**TASK DIRECTIONS**
For this exercise, return all the data exactly as it stands.

**GIVEN INFORMATION**

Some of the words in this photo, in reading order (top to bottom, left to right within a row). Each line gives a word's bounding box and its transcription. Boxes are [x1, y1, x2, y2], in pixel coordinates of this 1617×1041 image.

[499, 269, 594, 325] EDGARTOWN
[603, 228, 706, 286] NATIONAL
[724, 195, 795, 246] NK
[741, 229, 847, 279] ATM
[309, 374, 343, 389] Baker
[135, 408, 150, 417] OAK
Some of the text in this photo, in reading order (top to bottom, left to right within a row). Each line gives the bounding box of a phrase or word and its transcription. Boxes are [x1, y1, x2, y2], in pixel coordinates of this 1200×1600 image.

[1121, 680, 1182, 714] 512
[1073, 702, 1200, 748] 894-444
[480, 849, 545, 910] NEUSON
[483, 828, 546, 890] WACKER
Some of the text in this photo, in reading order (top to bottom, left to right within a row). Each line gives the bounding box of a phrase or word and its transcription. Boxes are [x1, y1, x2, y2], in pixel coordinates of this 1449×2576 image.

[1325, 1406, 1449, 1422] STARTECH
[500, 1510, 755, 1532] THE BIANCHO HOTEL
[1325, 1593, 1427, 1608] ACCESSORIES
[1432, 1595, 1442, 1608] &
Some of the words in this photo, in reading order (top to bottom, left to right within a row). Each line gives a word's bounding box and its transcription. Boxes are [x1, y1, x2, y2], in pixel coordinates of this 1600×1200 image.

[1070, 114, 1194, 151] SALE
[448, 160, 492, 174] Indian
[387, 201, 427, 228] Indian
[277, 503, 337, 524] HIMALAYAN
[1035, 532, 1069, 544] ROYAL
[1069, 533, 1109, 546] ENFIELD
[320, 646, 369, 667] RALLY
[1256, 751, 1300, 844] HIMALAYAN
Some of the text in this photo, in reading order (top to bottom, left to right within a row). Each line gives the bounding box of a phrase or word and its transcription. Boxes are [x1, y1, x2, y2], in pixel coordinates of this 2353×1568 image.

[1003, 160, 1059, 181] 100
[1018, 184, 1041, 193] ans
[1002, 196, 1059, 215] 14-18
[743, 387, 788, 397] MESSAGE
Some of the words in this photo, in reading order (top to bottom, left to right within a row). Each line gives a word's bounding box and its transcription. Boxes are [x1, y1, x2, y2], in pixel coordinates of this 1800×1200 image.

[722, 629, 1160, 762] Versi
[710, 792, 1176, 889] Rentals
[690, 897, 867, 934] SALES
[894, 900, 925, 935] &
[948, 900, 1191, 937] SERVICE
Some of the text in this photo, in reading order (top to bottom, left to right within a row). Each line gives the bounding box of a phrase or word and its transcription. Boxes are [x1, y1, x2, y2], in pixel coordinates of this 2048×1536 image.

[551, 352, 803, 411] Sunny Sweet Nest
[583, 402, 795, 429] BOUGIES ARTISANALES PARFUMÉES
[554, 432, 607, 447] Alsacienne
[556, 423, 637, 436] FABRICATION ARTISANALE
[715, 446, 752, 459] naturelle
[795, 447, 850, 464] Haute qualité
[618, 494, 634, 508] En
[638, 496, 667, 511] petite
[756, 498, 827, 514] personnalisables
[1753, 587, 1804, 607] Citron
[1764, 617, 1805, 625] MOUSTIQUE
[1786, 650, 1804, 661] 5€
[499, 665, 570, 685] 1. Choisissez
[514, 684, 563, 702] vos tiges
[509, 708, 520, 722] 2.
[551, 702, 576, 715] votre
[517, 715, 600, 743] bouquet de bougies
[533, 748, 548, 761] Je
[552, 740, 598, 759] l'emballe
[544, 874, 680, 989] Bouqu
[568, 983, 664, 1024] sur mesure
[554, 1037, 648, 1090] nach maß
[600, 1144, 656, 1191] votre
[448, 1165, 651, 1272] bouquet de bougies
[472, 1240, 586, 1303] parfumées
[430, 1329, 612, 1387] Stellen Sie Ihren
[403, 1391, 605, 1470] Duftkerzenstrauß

**RESULT**
Some of the words in this photo, in reading order (top to bottom, left to right within a row). Each line gives a word's bounding box and its transcription. Boxes are [x1, y1, x2, y2], in pixel coordinates of this 1617×1041 image.

[499, 269, 594, 325] EDGARTOWN
[603, 228, 706, 286] NATIONAL
[724, 195, 795, 246] NK
[741, 229, 847, 279] ATM
[309, 374, 343, 389] Baker
[135, 408, 150, 417] OAK
Some of the text in this photo, in reading order (top to bottom, left to right within a row). Each line gives the bounding box of a phrase or word and its transcription. Boxes are [x1, y1, x2, y2], in pixel coordinates of this 1200×1600 image.

[1121, 680, 1182, 714] 512
[1073, 702, 1200, 748] 894-444
[480, 849, 545, 910] NEUSON
[483, 828, 546, 890] WACKER
Some of the text in this photo, in reading order (top to bottom, left to right within a row). Each line gives the bounding box of a phrase or word and its transcription. Boxes are [x1, y1, x2, y2], in pixel coordinates of this 1449×2576 image.

[1325, 1406, 1449, 1422] STARTECH
[500, 1510, 755, 1532] THE BIANCHO HOTEL
[1325, 1593, 1427, 1608] ACCESSORIES
[1432, 1595, 1442, 1608] &
Some of the words in this photo, in reading order (top to bottom, left to right within a row). Each line gives a word's bounding box and its transcription. Boxes are [x1, y1, x2, y2], in pixel coordinates of this 1600×1200 image.

[1070, 114, 1194, 151] SALE
[448, 160, 492, 174] Indian
[387, 201, 427, 228] Indian
[277, 503, 337, 524] HIMALAYAN
[1035, 532, 1069, 544] ROYAL
[1069, 533, 1109, 546] ENFIELD
[320, 646, 369, 667] RALLY
[1256, 751, 1300, 844] HIMALAYAN
Some of the text in this photo, in reading order (top to bottom, left to right within a row). Each line gives the bounding box of a phrase or word and its transcription. Boxes are [x1, y1, x2, y2], in pixel coordinates of this 2353×1568 image.

[1003, 160, 1059, 181] 100
[1018, 184, 1041, 193] ans
[1002, 196, 1059, 215] 14-18
[743, 387, 788, 397] MESSAGE
Some of the words in this photo, in reading order (top to bottom, left to right within a row). Each line gives a word's bounding box and its transcription. Boxes are [x1, y1, x2, y2], in pixel coordinates of this 1800×1200 image.

[722, 629, 1160, 762] Versi
[710, 792, 1176, 889] Rentals
[690, 897, 867, 934] SALES
[894, 900, 925, 935] &
[948, 900, 1191, 937] SERVICE
Some of the text in this photo, in reading order (top to bottom, left to right within a row). Each line gives the bounding box of a phrase or word and its transcription. Boxes are [x1, y1, x2, y2], in pixel coordinates of this 2048×1536 image.

[551, 352, 803, 411] Sunny Sweet Nest
[583, 402, 795, 429] BOUGIES ARTISANALES PARFUMÉES
[554, 432, 607, 447] Alsacienne
[556, 423, 637, 436] FABRICATION ARTISANALE
[715, 446, 752, 459] naturelle
[795, 447, 850, 464] Haute qualité
[618, 494, 634, 508] En
[638, 496, 667, 511] petite
[756, 498, 827, 514] personnalisables
[1753, 587, 1804, 607] Citron
[1764, 617, 1805, 625] MOUSTIQUE
[1786, 650, 1804, 661] 5€
[499, 665, 570, 685] 1. Choisissez
[514, 684, 563, 702] vos tiges
[509, 708, 520, 722] 2.
[551, 702, 576, 715] votre
[517, 715, 600, 743] bouquet de bougies
[533, 748, 548, 761] Je
[552, 740, 598, 759] l'emballe
[544, 874, 680, 989] Bouqu
[568, 983, 664, 1024] sur mesure
[554, 1037, 648, 1090] nach maß
[600, 1144, 656, 1191] votre
[448, 1165, 651, 1272] bouquet de bougies
[472, 1240, 586, 1303] parfumées
[430, 1329, 612, 1387] Stellen Sie Ihren
[403, 1391, 605, 1470] Duftkerzenstrauß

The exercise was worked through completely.